▸ Exercise
Set the records down once more so that they match the source word for word.

Stored data entries:
====
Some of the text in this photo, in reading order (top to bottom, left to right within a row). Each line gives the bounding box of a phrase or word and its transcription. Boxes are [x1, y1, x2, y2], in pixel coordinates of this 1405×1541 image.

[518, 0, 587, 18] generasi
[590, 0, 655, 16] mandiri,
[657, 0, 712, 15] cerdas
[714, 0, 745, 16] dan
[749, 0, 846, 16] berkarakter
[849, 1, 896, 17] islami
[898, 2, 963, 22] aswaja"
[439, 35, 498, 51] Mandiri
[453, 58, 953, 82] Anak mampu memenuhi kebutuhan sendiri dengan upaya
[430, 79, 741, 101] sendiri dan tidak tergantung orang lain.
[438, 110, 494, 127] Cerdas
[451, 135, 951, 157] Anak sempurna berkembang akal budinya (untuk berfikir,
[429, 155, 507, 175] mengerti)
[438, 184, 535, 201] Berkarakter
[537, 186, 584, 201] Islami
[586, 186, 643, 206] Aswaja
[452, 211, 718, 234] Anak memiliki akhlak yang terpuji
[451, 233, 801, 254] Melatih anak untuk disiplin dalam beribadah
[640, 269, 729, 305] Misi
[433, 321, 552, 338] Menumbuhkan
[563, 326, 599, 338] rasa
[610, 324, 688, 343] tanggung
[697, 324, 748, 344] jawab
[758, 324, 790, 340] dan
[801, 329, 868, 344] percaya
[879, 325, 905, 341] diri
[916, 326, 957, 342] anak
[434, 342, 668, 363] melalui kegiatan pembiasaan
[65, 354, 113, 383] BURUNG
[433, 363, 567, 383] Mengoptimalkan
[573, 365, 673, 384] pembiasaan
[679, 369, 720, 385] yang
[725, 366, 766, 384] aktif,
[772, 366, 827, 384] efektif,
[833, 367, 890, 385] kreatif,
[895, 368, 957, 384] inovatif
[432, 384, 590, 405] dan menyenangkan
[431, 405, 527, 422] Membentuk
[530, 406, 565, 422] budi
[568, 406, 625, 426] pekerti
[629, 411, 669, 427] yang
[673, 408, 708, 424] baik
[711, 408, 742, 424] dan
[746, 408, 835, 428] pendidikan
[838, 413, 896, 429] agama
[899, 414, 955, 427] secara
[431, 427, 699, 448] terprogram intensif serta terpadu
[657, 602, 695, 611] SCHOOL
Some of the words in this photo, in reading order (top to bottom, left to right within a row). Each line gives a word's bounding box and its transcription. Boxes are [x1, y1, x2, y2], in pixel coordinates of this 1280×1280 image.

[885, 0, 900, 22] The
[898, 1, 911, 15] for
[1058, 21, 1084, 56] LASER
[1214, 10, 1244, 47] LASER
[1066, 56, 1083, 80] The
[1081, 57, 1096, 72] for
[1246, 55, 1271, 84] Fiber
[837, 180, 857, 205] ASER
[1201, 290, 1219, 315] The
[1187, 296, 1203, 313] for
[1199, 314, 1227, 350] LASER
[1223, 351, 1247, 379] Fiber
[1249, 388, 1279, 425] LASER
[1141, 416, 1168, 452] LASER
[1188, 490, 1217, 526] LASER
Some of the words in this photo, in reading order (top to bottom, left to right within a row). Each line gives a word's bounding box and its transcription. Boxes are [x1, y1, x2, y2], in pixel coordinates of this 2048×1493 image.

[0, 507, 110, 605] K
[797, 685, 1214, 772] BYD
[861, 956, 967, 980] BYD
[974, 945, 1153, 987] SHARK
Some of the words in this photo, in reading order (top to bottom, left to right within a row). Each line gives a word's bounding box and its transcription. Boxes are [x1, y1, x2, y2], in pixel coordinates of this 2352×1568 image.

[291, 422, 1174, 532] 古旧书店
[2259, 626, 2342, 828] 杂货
====
▸ Result of the exercise
Some of the text in this photo, in reading order (top to bottom, left to right within a row). Each line gives the bounding box of a phrase or word and its transcription. Boxes are [x1, y1, x2, y2], in pixel coordinates of this 1405×1541 image.

[518, 0, 587, 18] generasi
[590, 0, 655, 16] mandiri,
[657, 0, 712, 15] cerdas
[714, 0, 745, 16] dan
[749, 0, 846, 16] berkarakter
[849, 1, 896, 17] islami
[898, 2, 963, 22] aswaja"
[439, 35, 498, 51] Mandiri
[453, 58, 953, 82] Anak mampu memenuhi kebutuhan sendiri dengan upaya
[430, 79, 741, 101] sendiri dan tidak tergantung orang lain.
[438, 110, 494, 127] Cerdas
[451, 135, 951, 157] Anak sempurna berkembang akal budinya (untuk berfikir,
[429, 155, 507, 175] mengerti)
[438, 184, 535, 201] Berkarakter
[537, 186, 584, 201] Islami
[586, 186, 643, 206] Aswaja
[452, 211, 718, 234] Anak memiliki akhlak yang terpuji
[451, 233, 801, 254] Melatih anak untuk disiplin dalam beribadah
[640, 269, 729, 305] Misi
[433, 321, 552, 338] Menumbuhkan
[563, 326, 599, 338] rasa
[610, 324, 688, 343] tanggung
[697, 324, 748, 344] jawab
[758, 324, 790, 340] dan
[801, 329, 868, 344] percaya
[879, 325, 905, 341] diri
[916, 326, 957, 342] anak
[434, 342, 668, 363] melalui kegiatan pembiasaan
[65, 354, 113, 383] BURUNG
[433, 363, 567, 383] Mengoptimalkan
[573, 365, 673, 384] pembiasaan
[679, 369, 720, 385] yang
[725, 366, 766, 384] aktif,
[772, 366, 827, 384] efektif,
[833, 367, 890, 385] kreatif,
[895, 368, 957, 384] inovatif
[432, 384, 590, 405] dan menyenangkan
[431, 405, 527, 422] Membentuk
[530, 406, 565, 422] budi
[568, 406, 625, 426] pekerti
[629, 411, 669, 427] yang
[673, 408, 708, 424] baik
[711, 408, 742, 424] dan
[746, 408, 835, 428] pendidikan
[838, 413, 896, 429] agama
[899, 414, 955, 427] secara
[431, 427, 699, 448] terprogram intensif serta terpadu
[657, 602, 695, 611] SCHOOL
Some of the words in this photo, in reading order (top to bottom, left to right within a row). Each line gives a word's bounding box and its transcription. Boxes are [x1, y1, x2, y2], in pixel coordinates of this 1280×1280 image.

[885, 0, 900, 22] The
[898, 1, 911, 15] for
[1058, 21, 1084, 56] LASER
[1214, 10, 1244, 47] LASER
[1066, 56, 1083, 80] The
[1081, 57, 1096, 72] for
[1246, 55, 1271, 84] Fiber
[837, 180, 857, 205] ASER
[1201, 290, 1219, 315] The
[1187, 296, 1203, 313] for
[1199, 314, 1227, 350] LASER
[1223, 351, 1247, 379] Fiber
[1249, 388, 1279, 425] LASER
[1141, 416, 1168, 452] LASER
[1188, 490, 1217, 526] LASER
Some of the words in this photo, in reading order (top to bottom, left to right within a row). Each line gives a word's bounding box and its transcription. Boxes are [x1, y1, x2, y2], in pixel coordinates of this 2048×1493 image.

[0, 507, 110, 605] K
[797, 685, 1214, 772] BYD
[861, 956, 967, 980] BYD
[974, 945, 1153, 987] SHARK
Some of the words in this photo, in reading order (top to bottom, left to right within a row). Each line gives a word's bounding box and its transcription. Boxes are [x1, y1, x2, y2], in pixel coordinates of this 2352×1568 image.

[291, 422, 1174, 532] 古旧书店
[2259, 626, 2342, 828] 杂货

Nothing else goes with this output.